* **Required work**: In the copy, include every entry exactly but none of the pictures.

* **Source data**:
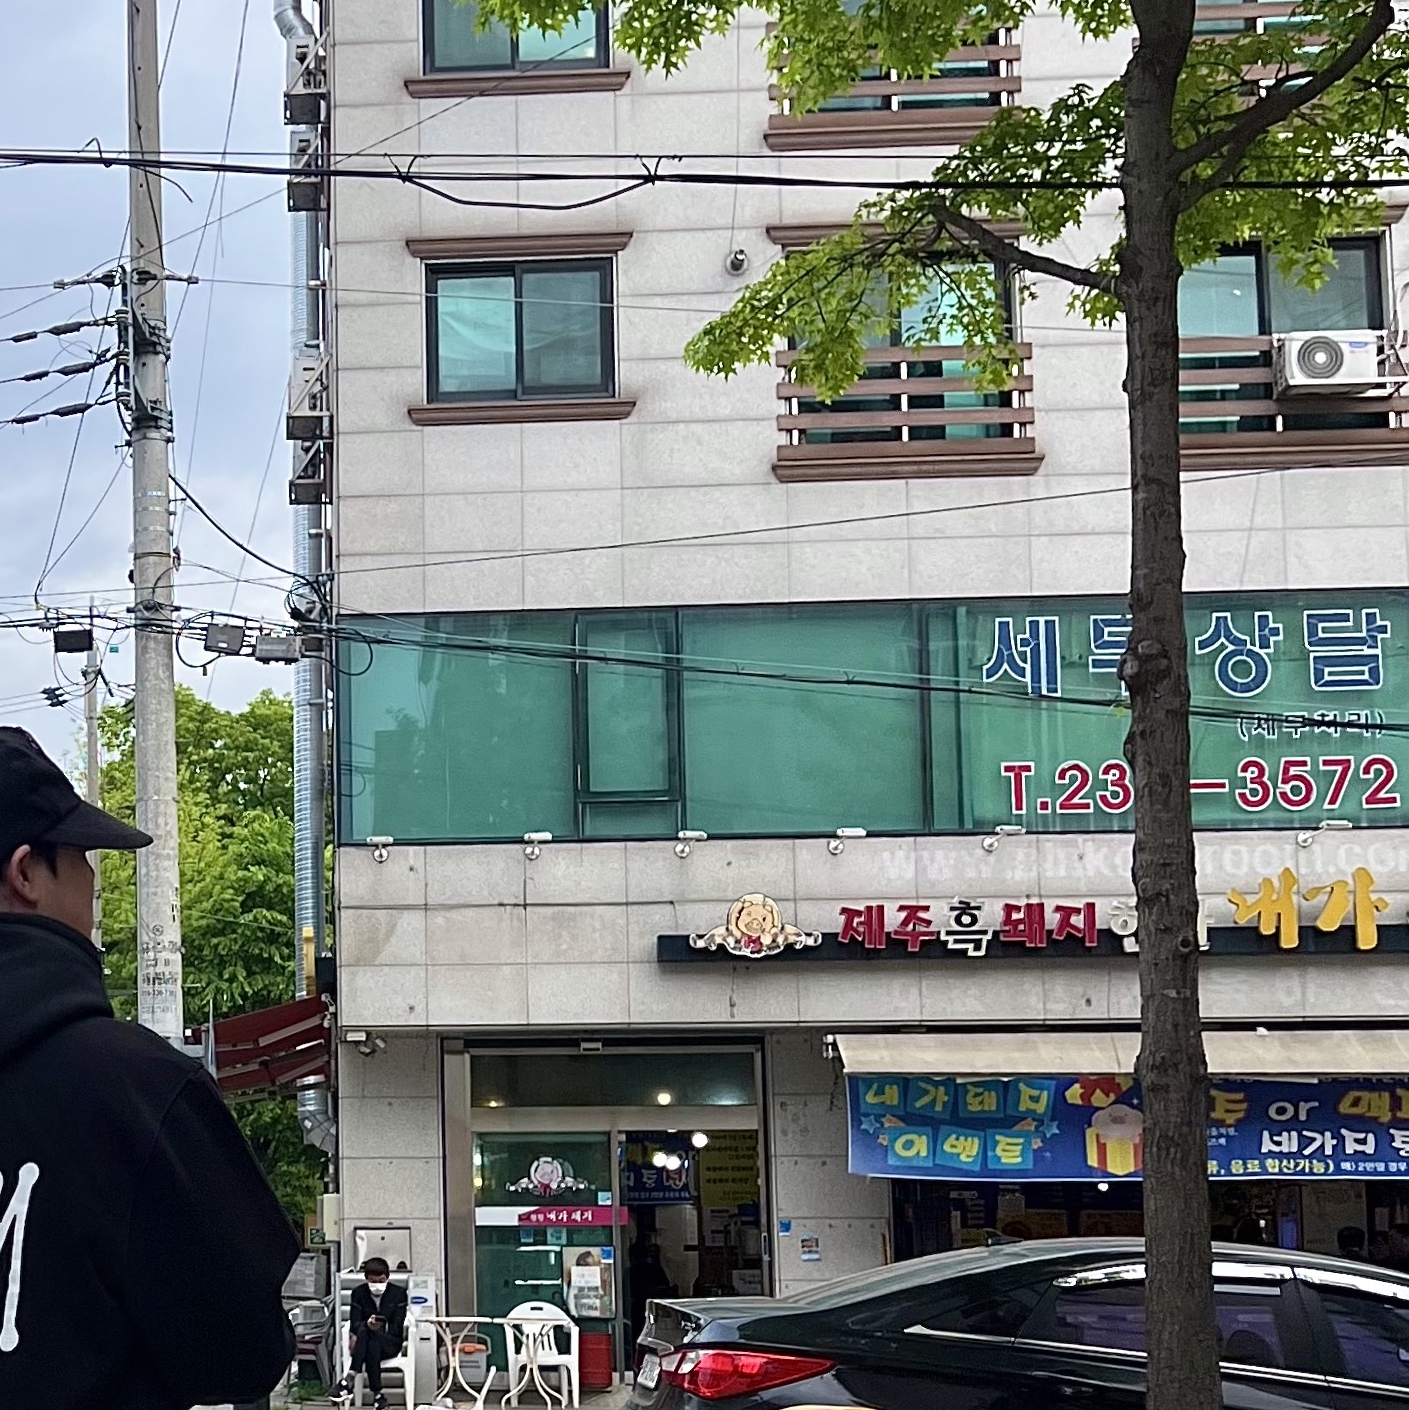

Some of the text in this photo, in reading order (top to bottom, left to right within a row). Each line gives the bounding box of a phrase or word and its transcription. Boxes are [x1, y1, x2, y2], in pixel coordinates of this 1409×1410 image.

[1000, 754, 1401, 814] T.23-3572
[1268, 1101, 1319, 1122] or
[894, 1133, 1025, 1164] 이벤트
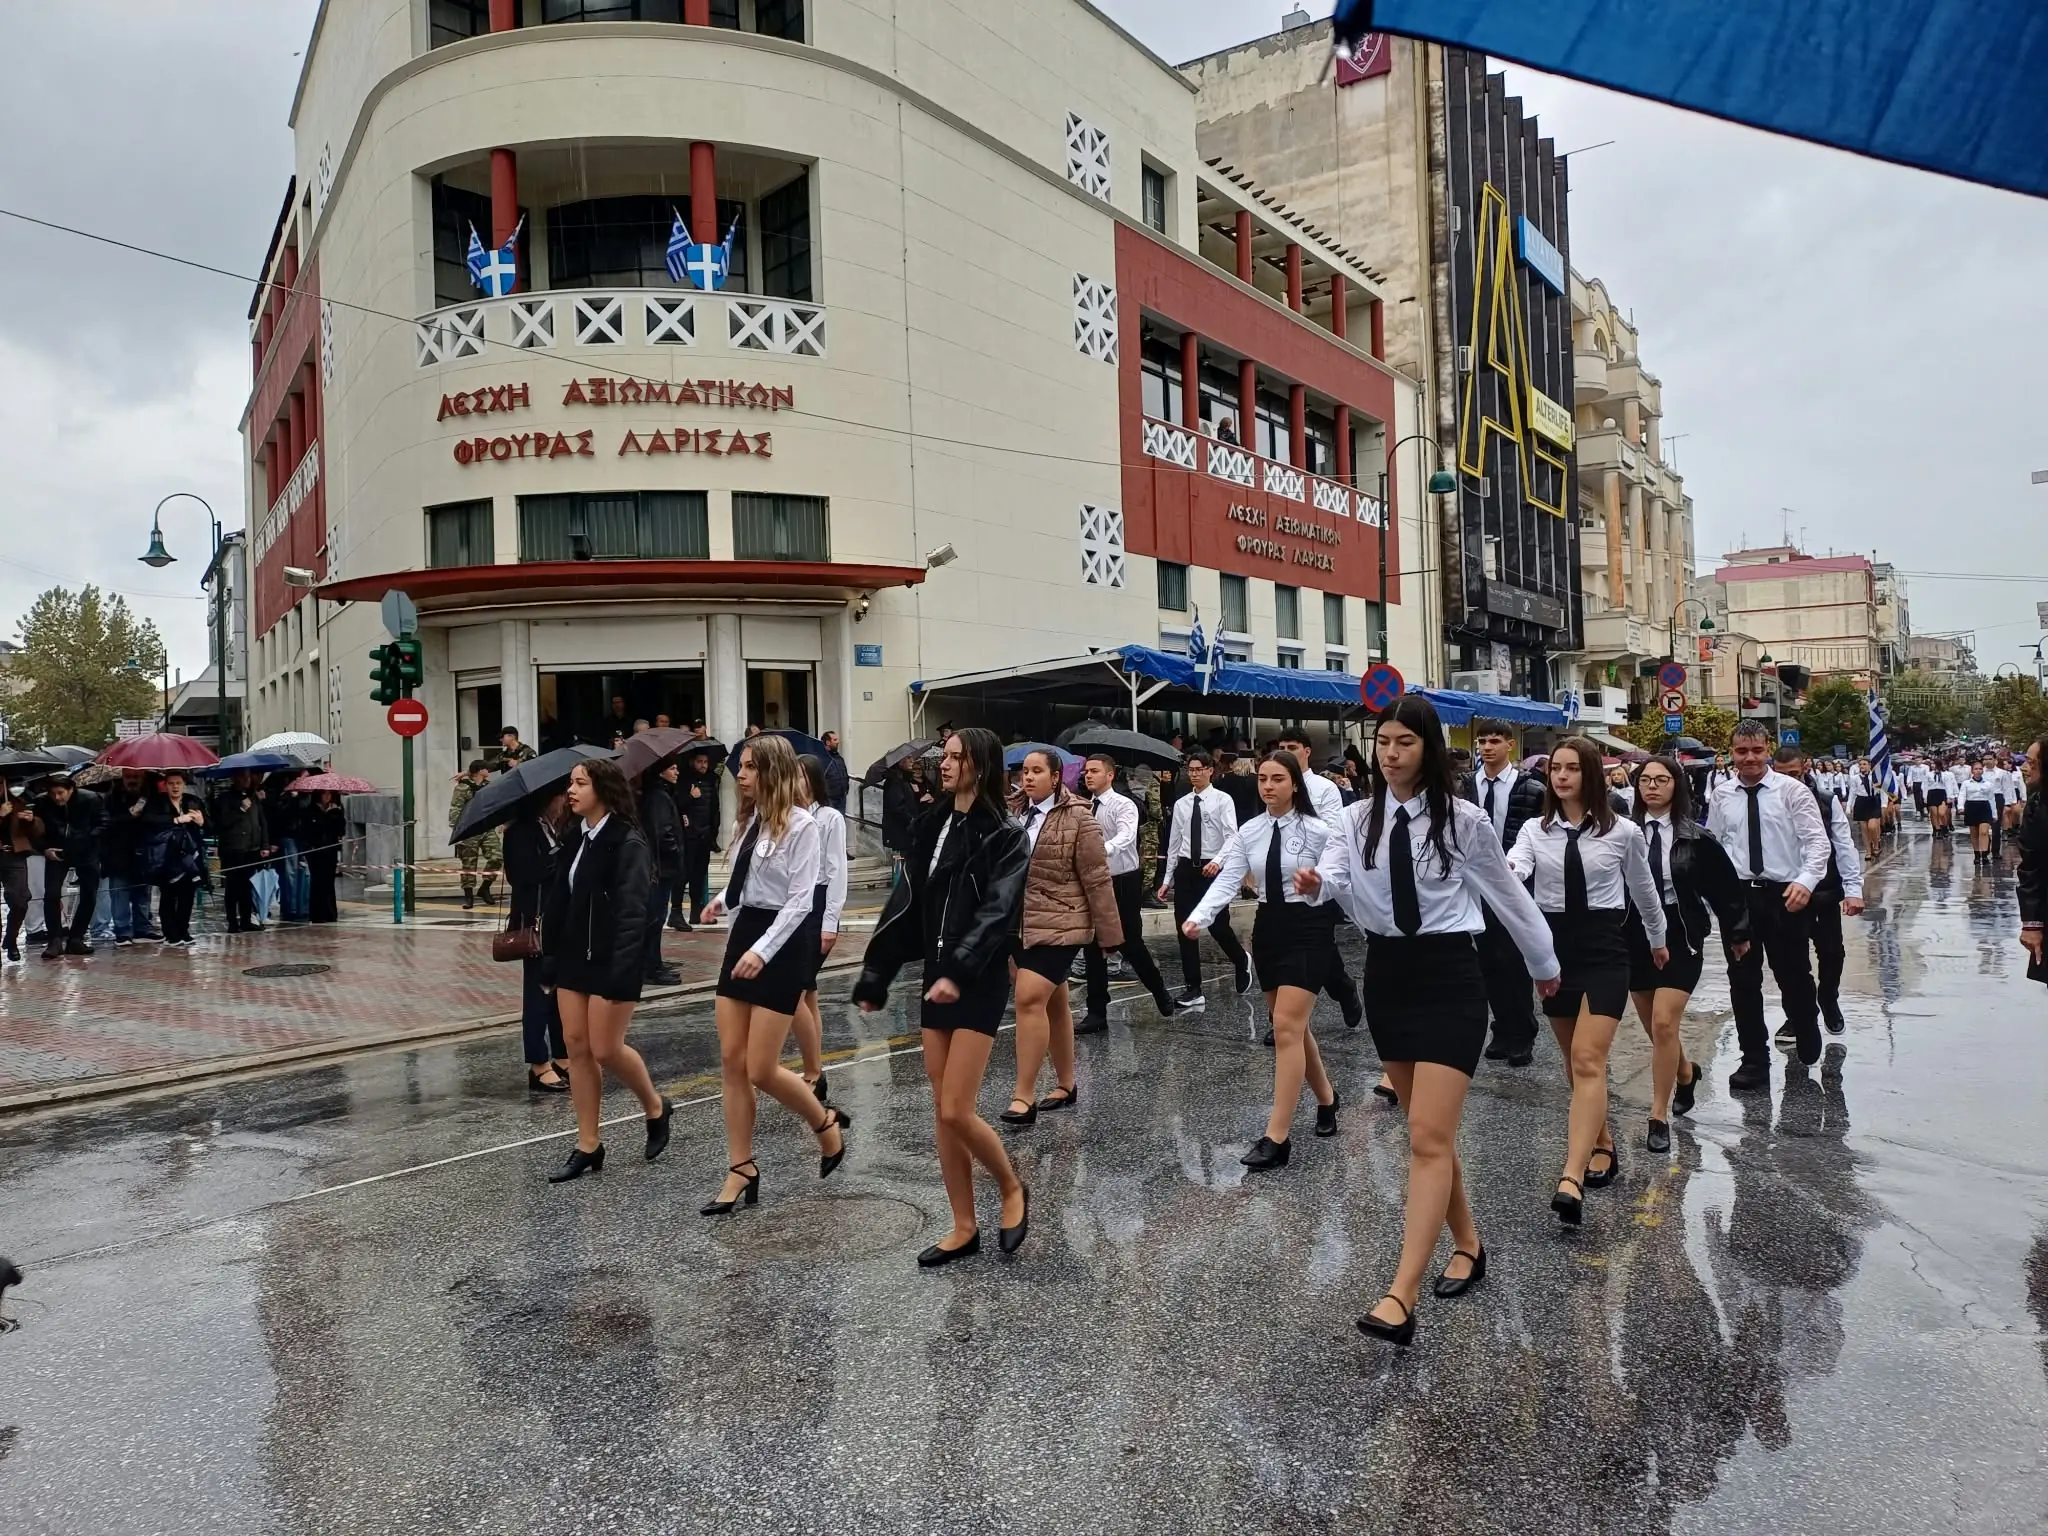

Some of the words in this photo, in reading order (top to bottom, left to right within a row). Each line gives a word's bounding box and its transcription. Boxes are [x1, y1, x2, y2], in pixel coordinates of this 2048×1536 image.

* **Exercise solution**:
Some of the text in this photo, in reading order (top to bottom, left to right within a row). Each line gives the bounding box of a phrase or word and its transcription. Boxes are [x1, y1, x2, y2], in pixel coordinates of this 1409×1410 image.

[1000, 754, 1401, 814] T.23-3572
[1268, 1101, 1319, 1122] or
[894, 1133, 1025, 1164] 이벤트

Some of the words in this photo, in reading order (top to bottom, left to right within a row). Each line gives a word's bounding box and its transcription. Boxes are [x1, y1, x2, y2], in pixel coordinates of this 2048×1536 image.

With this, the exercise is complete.